Illustration by Takamori Yakko. "If anyone doubts the large extent of Japan's modernization, he has, only to point ironically to her slums. They are (or in some cases were) on a par with some of the worst industrial slums in the world.
This is a glimpse of the slums (himmin-kutsu) in good old Kawasaki, as bleak an industrial landscape as modern man could devise. These are the ruins of the homes of the people who worked ten to fifteen hours a day for meager low wages in the Kawasaki airplane plants and others, helping to build the Zero and other weapons designed to raise the range of the Rising Sun. Now these same people have come back and reconstructed brave little shacks of scrap good and corrugated iron, usually of single room, that house a whole family. The cooking (and almost everything else) is done outside--an inside kitchen is an undreamed of luxury.
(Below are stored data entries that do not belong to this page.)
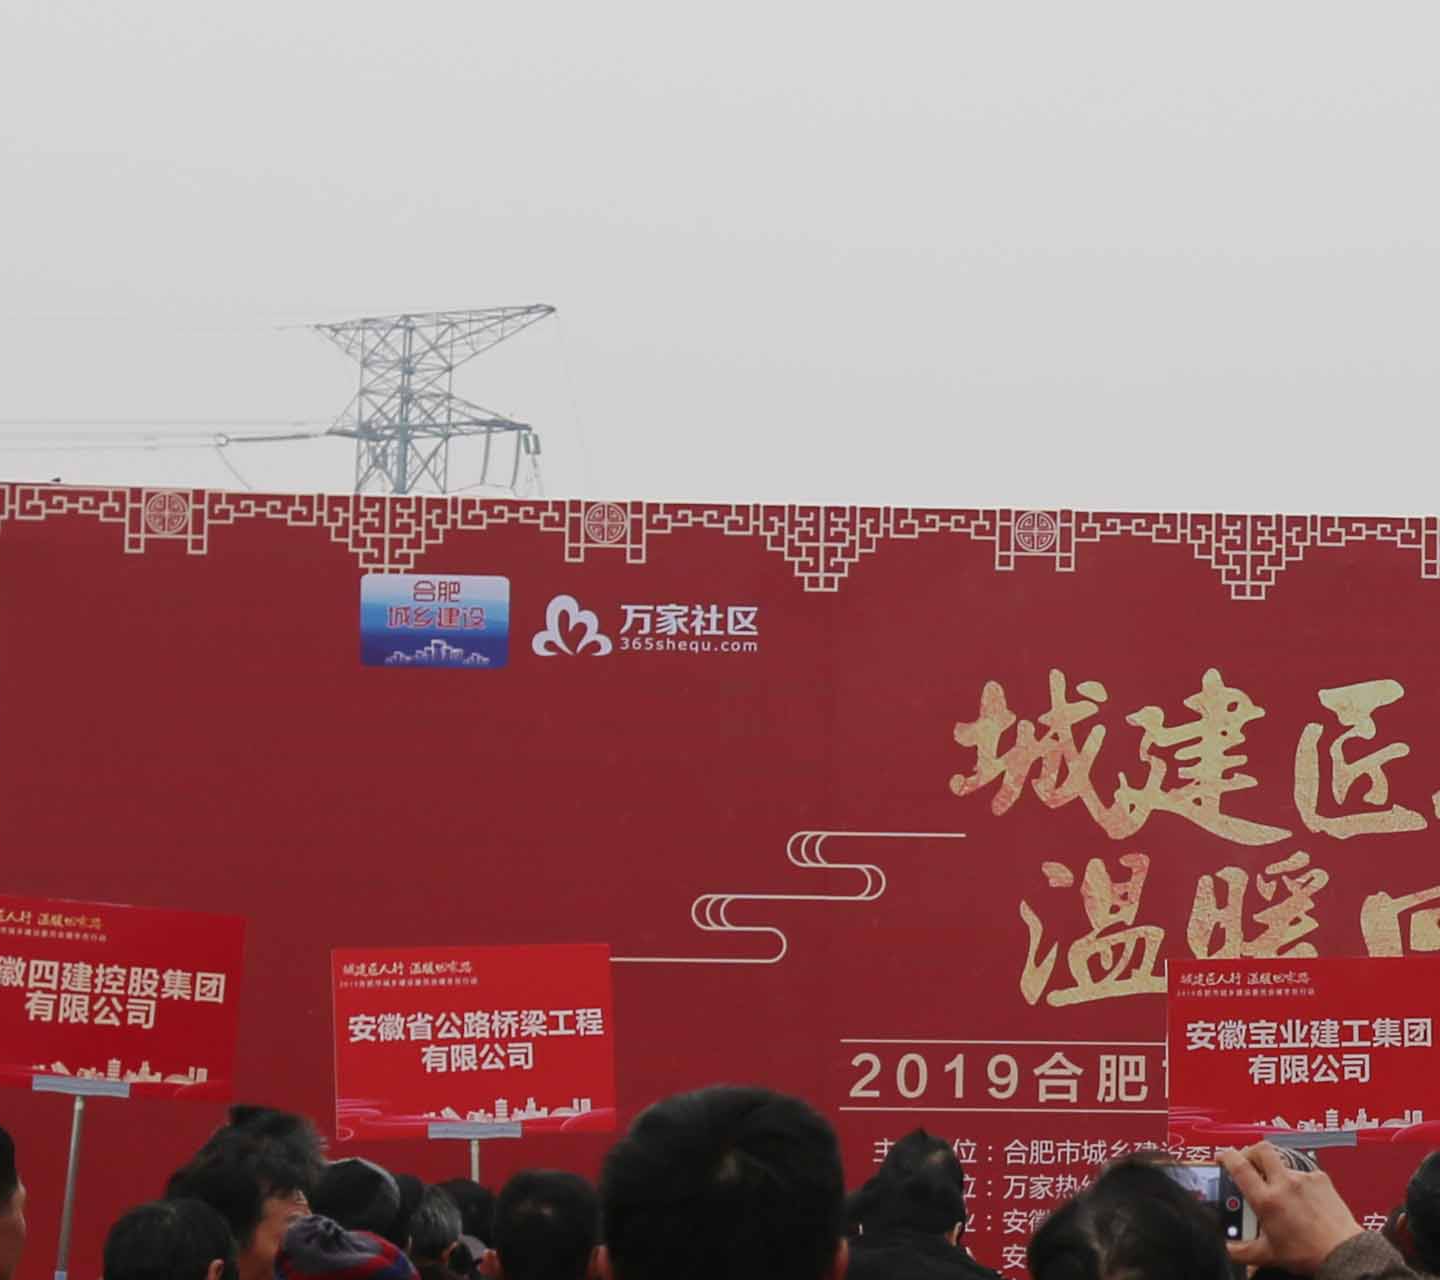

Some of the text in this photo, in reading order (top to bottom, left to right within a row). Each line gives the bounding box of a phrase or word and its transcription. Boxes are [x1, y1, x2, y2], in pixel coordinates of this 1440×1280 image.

[412, 580, 461, 603] 合肥
[386, 606, 486, 631] 城乡建设
[620, 604, 759, 636] 万家社区
[620, 637, 759, 654] 365shequ.com
[24, 990, 157, 1029] 有限公司
[348, 1007, 605, 1043] 安徽省公路桥梁工程
[1185, 1017, 1433, 1051] 安徽宝业建工集团
[421, 1042, 534, 1073] 有限公司
[1248, 1053, 1372, 1085] 有限公司
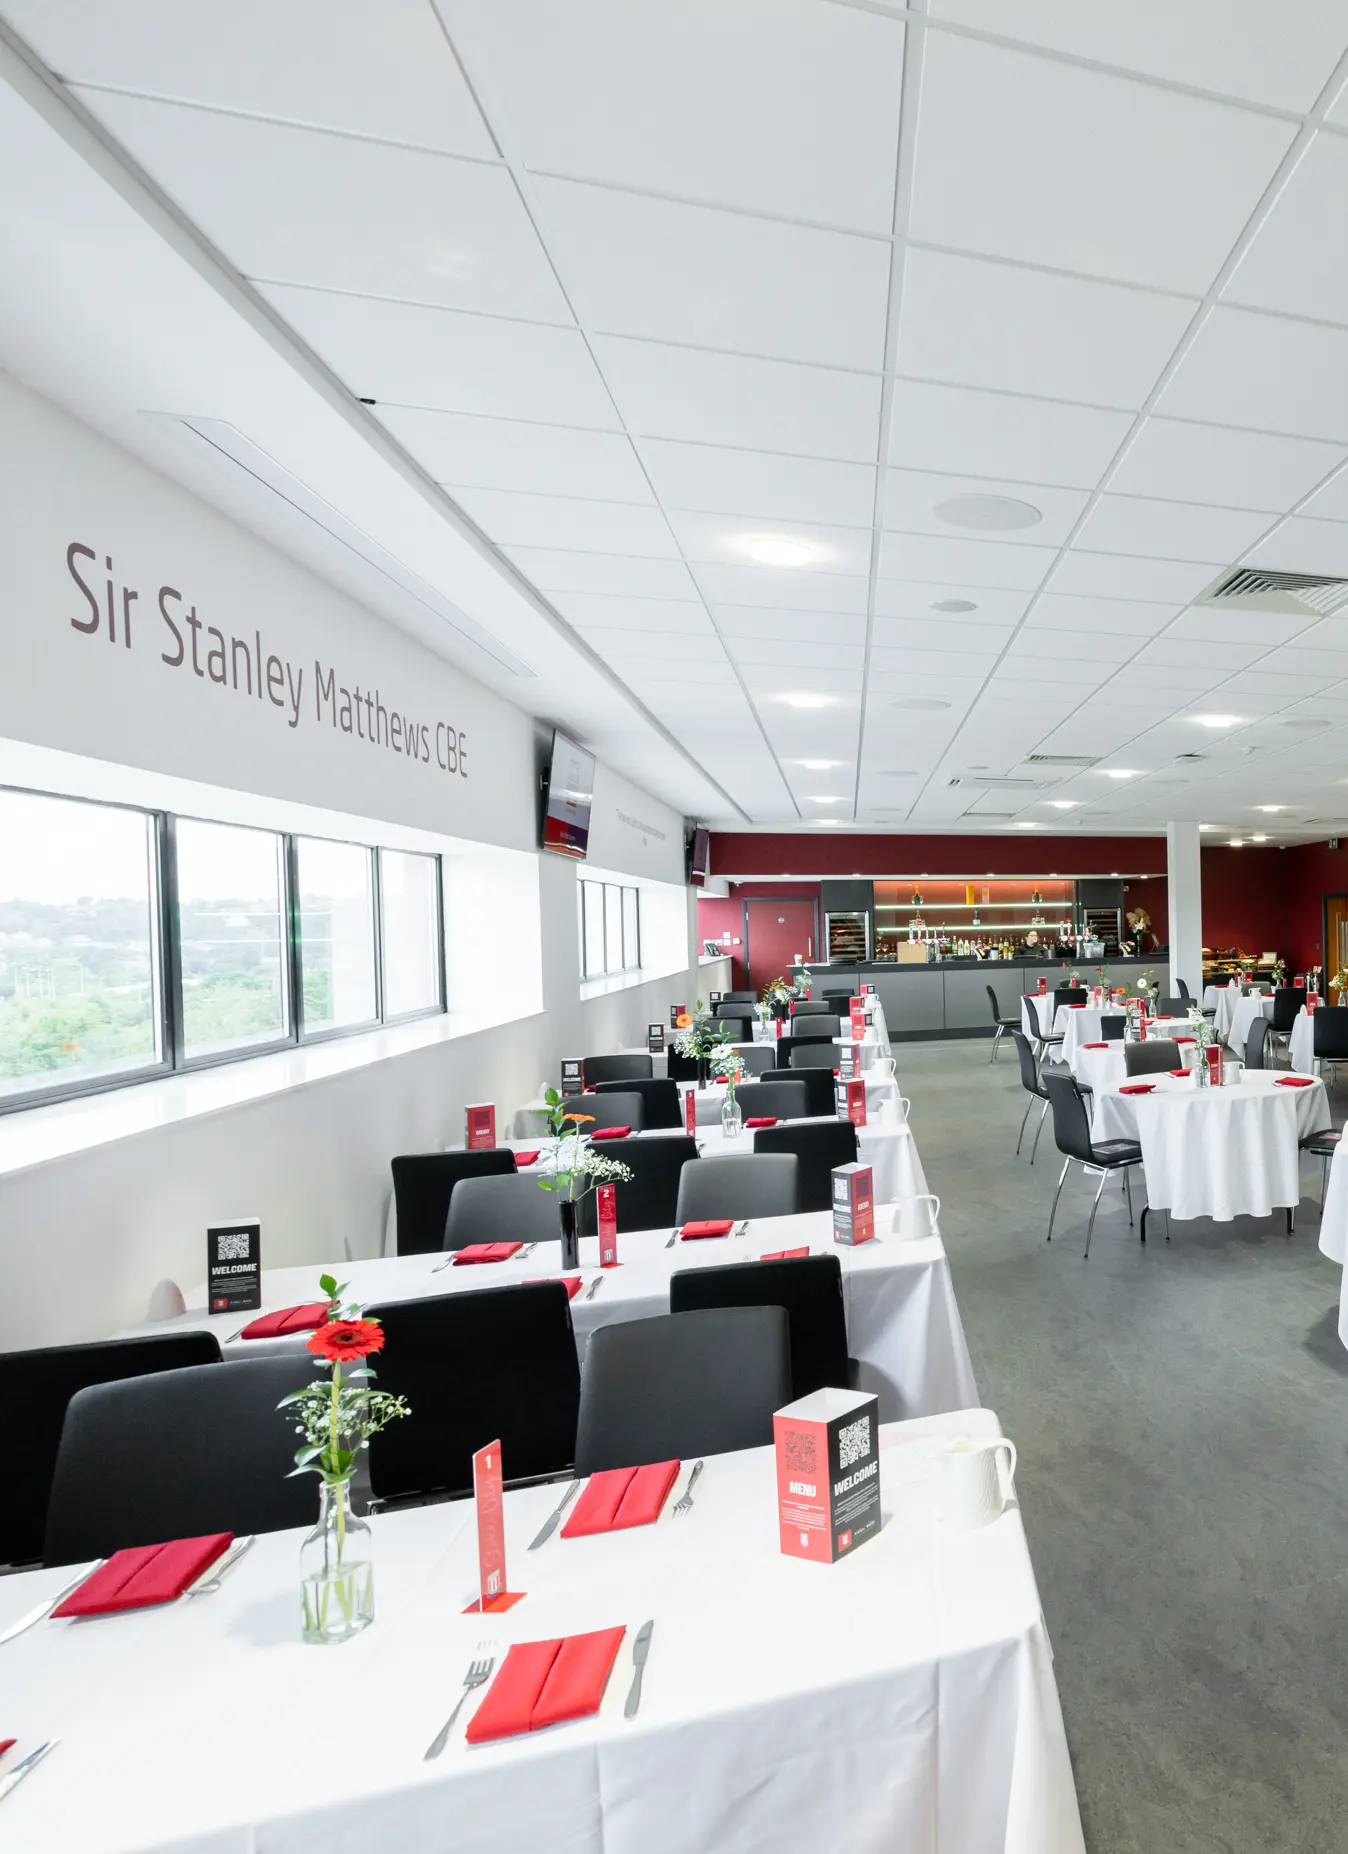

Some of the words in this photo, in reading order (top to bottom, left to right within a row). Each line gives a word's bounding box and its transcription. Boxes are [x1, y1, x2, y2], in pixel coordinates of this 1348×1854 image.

In great cities like Osaka, Nagoya, Kobe, Yokohama and Tokyo; in lesser great cities like Aomori, Sendai, Shizuoka, Hakata, Fukuoka; in small but important industrial cities like Gifu, Toyohashi, and Hiratsuka, this scene is duplicated. The road to even a modicum of modern comfort is truly a hard one for these millions. They meet it bravely. Their problem is Japan's problem. It would be almost axiomatic to say Japan will be well on the Road to Real Democracy when these “himmin-kutsu” are on the way out!
The artist? Just a man that can see beauty anywhere. The Japanese kids?--friendly as ever. "Chewing-gum arimasu-ka?" (Do you have chewing gum?)"
From: Grauer, Alvin. So I went to Japan. Tokyo: Nippon Times, 1947.